Page 31 of Callum

ROSALIND

“You don’t know how to clean up a body?”

Callum’s question is laced with poorly disguised laughter as he rounds on me, spinning so quickly that he seems to forget there’s a body in his arms. The woman’s head lolls to the side, and one of her feet knocks into the corner of the entryway table.

“I’ve never had to do it before.”

“How is that possible?”

“Oh, I don’t know,” I snap, suddenly angered by this conversation. Foolishly, I’d assumed he would understand my lack of knowledge in this department. For someone who has experienced the worst humanity can offer, it’s surprising how little time I’ve spent around dead people. “I didn’t start needing to clean up the bodies of my victims until I was with the GiGi’s, and they have Cleaners.”

Callum freezes at my words, and I realize I’ve done it again. I’ve been letting little bits of my past slip through the cracks without realizing it. Cursing my annoying new habit of being unable to control my mouth, I push past Callum with a huff.

He watches me hobble by but doesn’t say anything for a long moment. I’m halfway down the hall when he speaks from directly behind me. “The MacAlisters have Cleaners.”

“Jesus Christ! Don’t fucking sneak up on me like that!”

“You know, you’re not a very good criminal, Red.”

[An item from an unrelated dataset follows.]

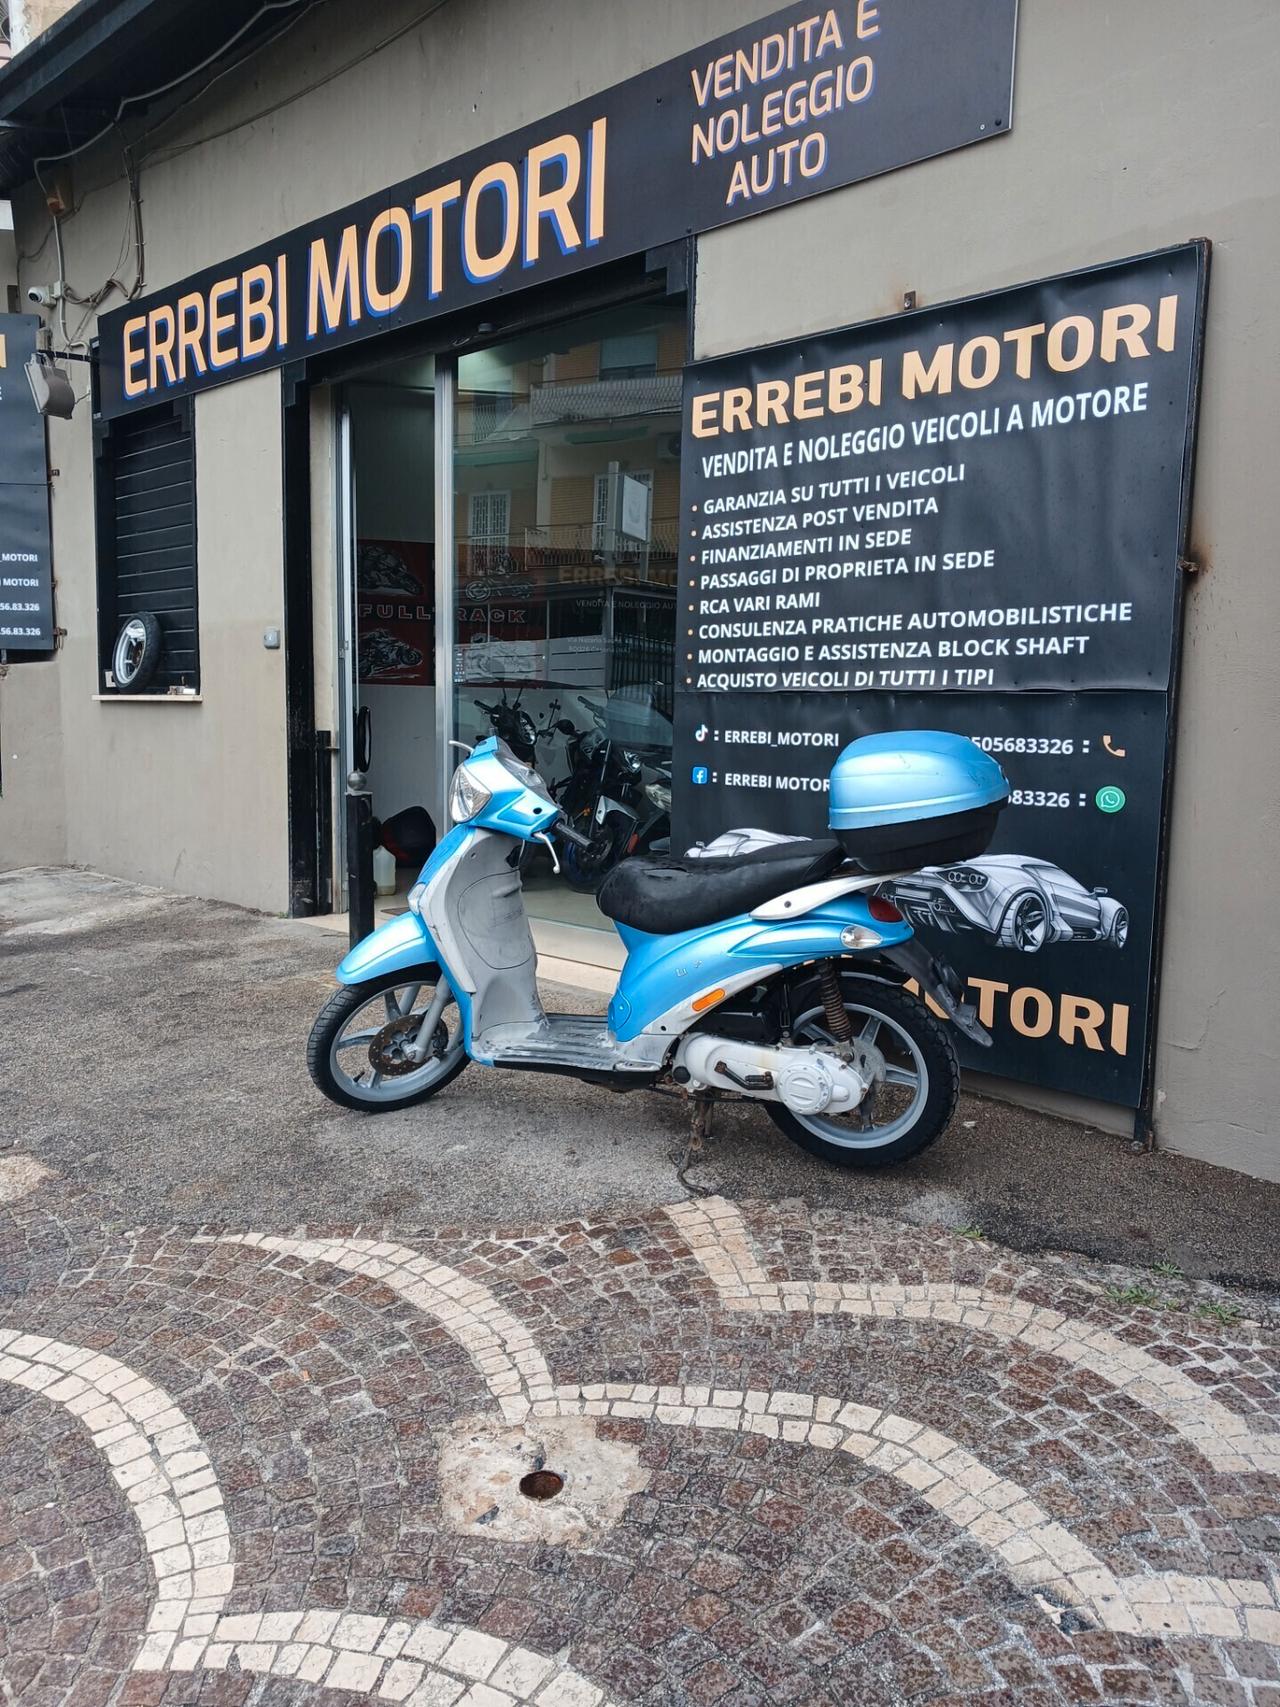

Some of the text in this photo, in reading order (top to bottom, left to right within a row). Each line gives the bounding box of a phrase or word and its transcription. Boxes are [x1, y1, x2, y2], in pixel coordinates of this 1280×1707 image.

“And you’re an asshole, Doc,” I growl back, shoving open the door to the office. The dead woman is still in the same place we left her, and I find myself breathing a sigh of relief. If she had moved, I would have lost my shit and left Callum to figure out the haunted corpse on his own. “Why do you know so much about body cleanup if the MacAlisters have Cleaners?”

The unconscious woman’s body drops from Callum’s arms, bouncing on the air mattress a few times before she settles into stillness. He checks her pupils and pulse, mumbling something to himself while looking at his watch. “The Father made sure we all functioned as individual entities. Every MacAlister son was taught the process ‘from A to Z’.”

“With ‘A’ being weirdly specific murder skills?” I think of the Mouth, pulling information from his victims through any means necessary. The Doctor, bringing his “patients” back from the dead over and over until they beg to be left in the void. And the Bear, tearing men apart with his bare hands.

“Oh, no,” Callum turns to face me with an eerie calm I haven’t seen in him before. “‘A’ is the hunt.”

When I don’t respond, Callum sighs, turning back to the woman on the bed. “There’s a red plastic tub under the bathroom sink.”

It’s a dismissal, and I cling to it with both hands, grateful for the chance to put some distance between us. The tub is easy to spot and heavier than anticipated. Of course, he sent me to get a massive tub of…are those bottles filled with acid?

It takes me less than two minutes to get back to the room, but Callum already has the woman’s arms and legs bound. He’s prodding at the gunshot wound on her thigh with glove-covered hands, and I realize there’s a medical bag next to him. Where did that come from?

“You’re not worried she’ll scream?” He hasn’t covered her mouth with tape, and I don’t see any kind of numbing agents lying around him.

“She’s already screamed enough to notify everyone in the neighborhood that she’s here. Besides,” his brow furrows as he looks her over again. “I’d rather know the moment she’s awake.”

Dropping the tub of cleaning supplies at my feet, I take a moment to assess the body on my side of the room. Blood pools under her, the dark liquid spreading across the hardwoods at a much slower pace than I had anticipated. There isn’t much blood in general, which surprises me. I had assumed all the bodily fluids would slowly drain from her body onto the floor.

Maybe she’s still too fresh?

“Are you going to keep staring, or…”

My eyes roll at his teasing tone, and I flip him off without turning around. I can do this. I can do this. I just…clean it up.

Crouching is a pain in the ass with my stitches, and I end up squatting with my right leg stretched out next to me. Digging through the supplies bin, I find several products containing acid that I avoid like the fucking plague. Melting the skin off my bones doesn’t sound like a fun process.

“Do I…” shit. I wasn’t going to ask him any questions.

“Do you, what?” Callum sounds distracted, his humor of the last few minutes having abated.

Clearing my throat, I try again. “Do I clean up the actual body first?”

“If we planned to dump her in the woods, I would say yes.”

“But we’re not planning that?”

“No,” he agrees, bending closer to the wound he’s stitching up on the small woman’s leg. “We’re taking her to Ginetta, and I want maximum shock value.”